All the sessions from Transform 2021 are available on-demand now. Watch now.
OpenAI today released Triton, an open source, Python-like programming language that enables researchers to write highly efficient GPU code for AI workloads. Triton makes it possible to reach peak hardware performance with relatively little effort, OpenAI claims, producing code on par with what an expert could achieve in as few as 25 lines.

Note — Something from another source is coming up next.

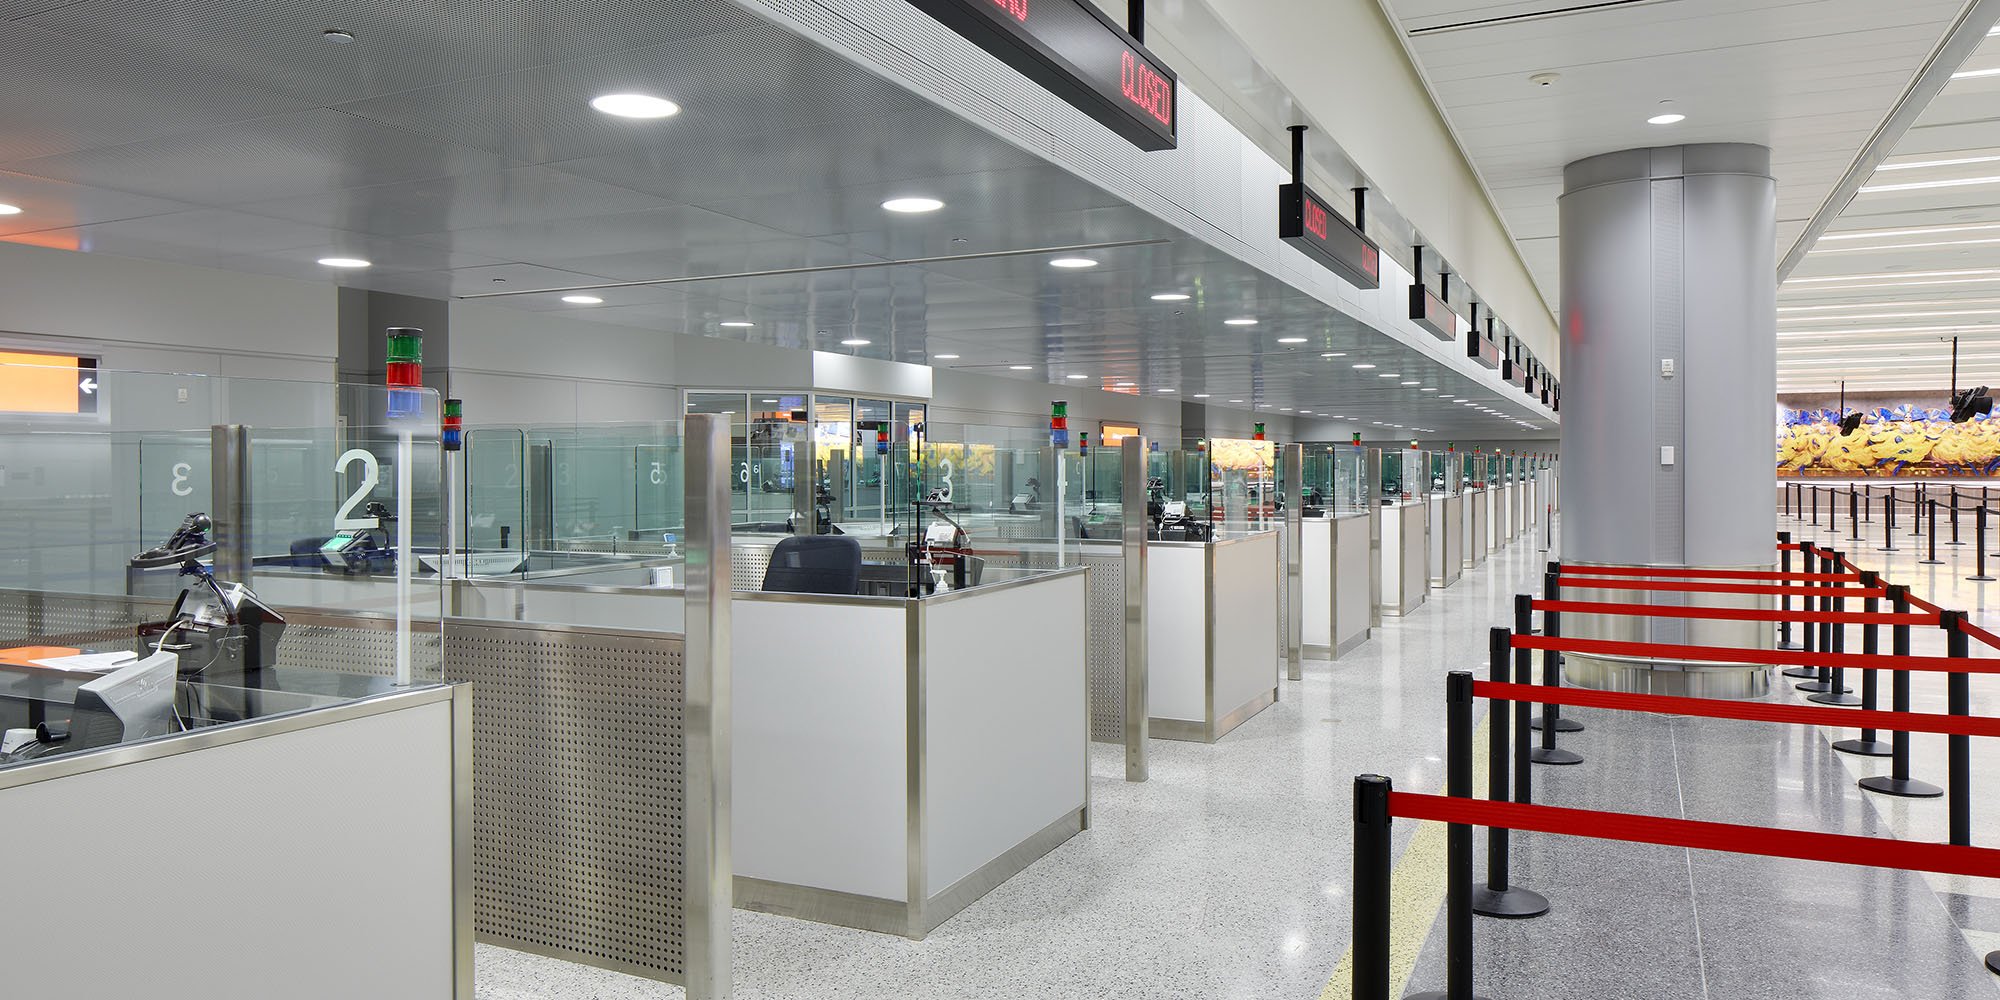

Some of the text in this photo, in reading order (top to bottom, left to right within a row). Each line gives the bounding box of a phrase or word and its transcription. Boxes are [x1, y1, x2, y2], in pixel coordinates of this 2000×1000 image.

Deep neural networks have emerged as an important type of AI model, capable of achieving state-of-the-art performance across natural language processing, computer vision, and other domains. The strength of these models lies in their hierarchical structure, which generates a large amount of highly parallelizable work well-suited for multicore hardware like GPUs. Frameworks for general-purpose GPU computing such as CUDA and OpenCL have made the development of high-performance programs easier in recent years. Yet, GPUs remain especially challenging to optimize, in part because their architectures rapidly evolve.
Domain-specific languages and compilers have emerged to address the problem, but these systems tend to be less flexible and slower than the best handwritten compute kernels available in libraries like cuBLAS, cuDNN or TensorRT. Reasoning about all these factors can be challenging even for seasoned programmers. The purpose of Triton, then, is to automate these optimizations, so that developers can focus on the high-level logic of their code.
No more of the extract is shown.